Stored dataset items:

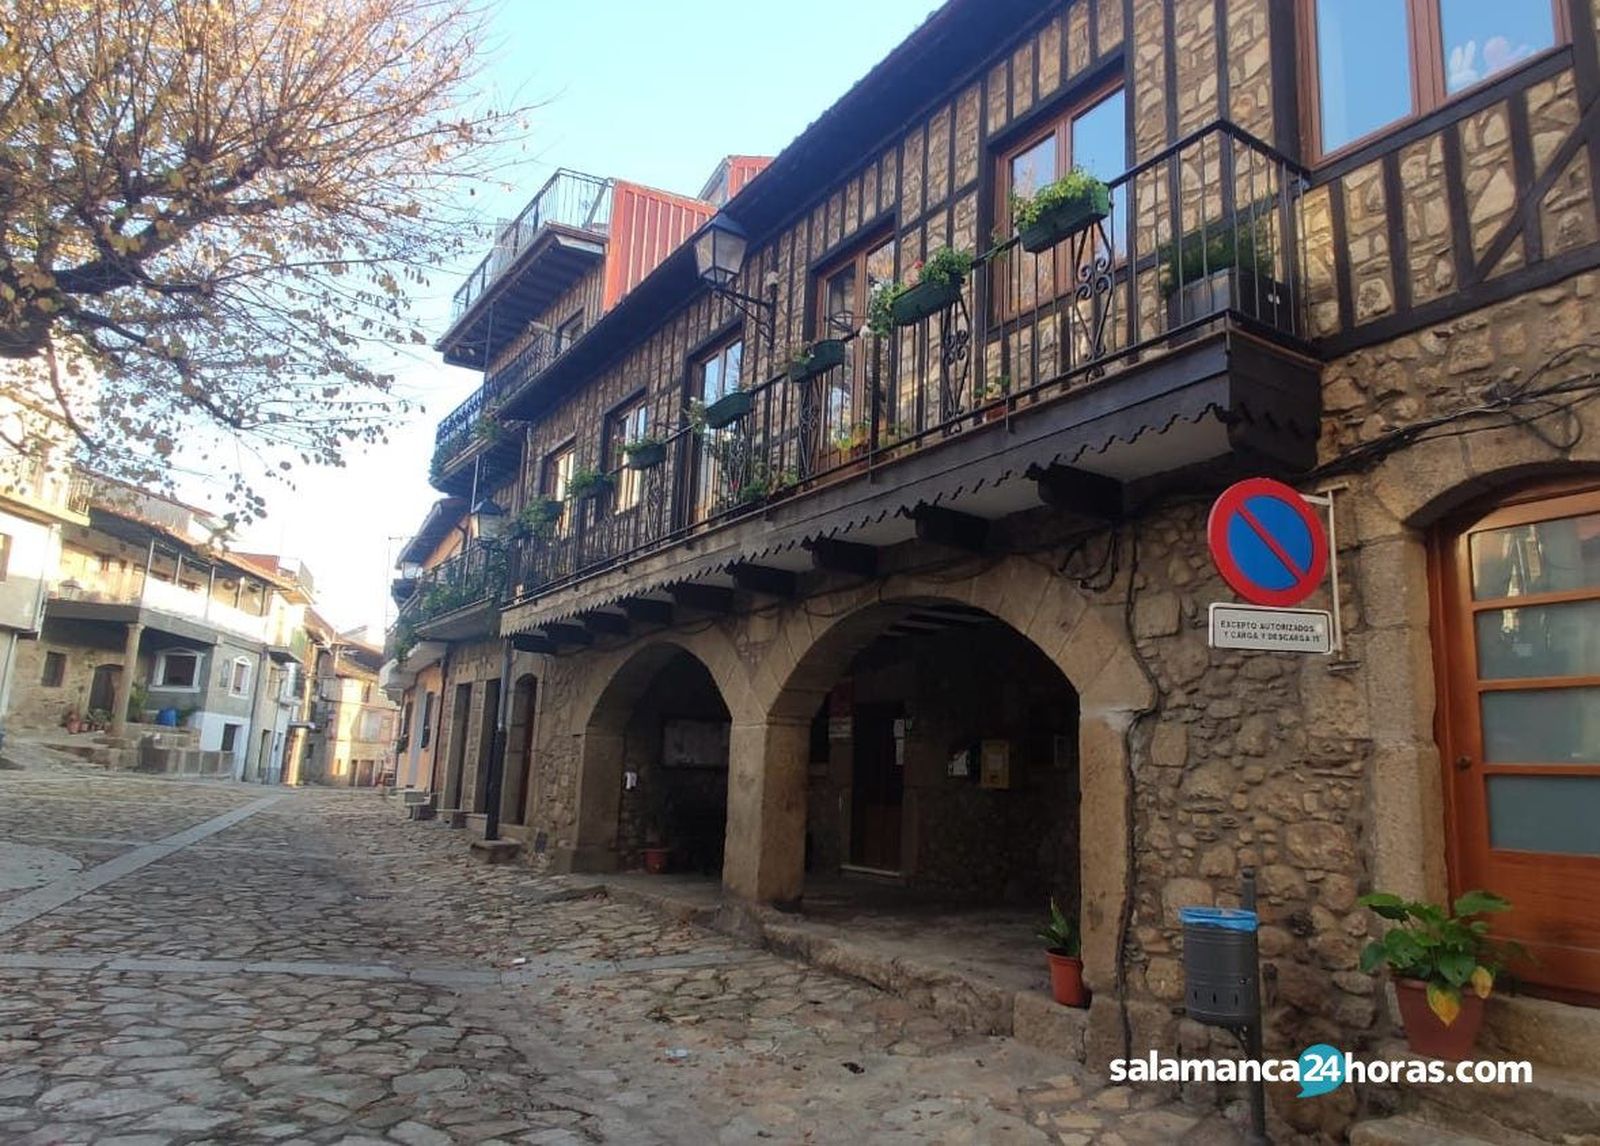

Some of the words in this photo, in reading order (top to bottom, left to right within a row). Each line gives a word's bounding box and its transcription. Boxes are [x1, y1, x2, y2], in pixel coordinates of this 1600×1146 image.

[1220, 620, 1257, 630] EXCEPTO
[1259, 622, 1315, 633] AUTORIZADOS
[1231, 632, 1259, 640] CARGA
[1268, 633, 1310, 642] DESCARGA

**TASK DETAILS**
When you transcribe the entries above, keep every word exact and leave out the pictures.

**ANSWER SPACE**
Some of the words in this photo, in reading order (top to bottom, left to right within a row). Each line gives a word's bounding box and its transcription. Boxes are [x1, y1, x2, y2], in pixel coordinates of this 1600×1146 image.

[1220, 620, 1257, 630] EXCEPTO
[1259, 622, 1315, 633] AUTORIZADOS
[1231, 632, 1259, 640] CARGA
[1268, 633, 1310, 642] DESCARGA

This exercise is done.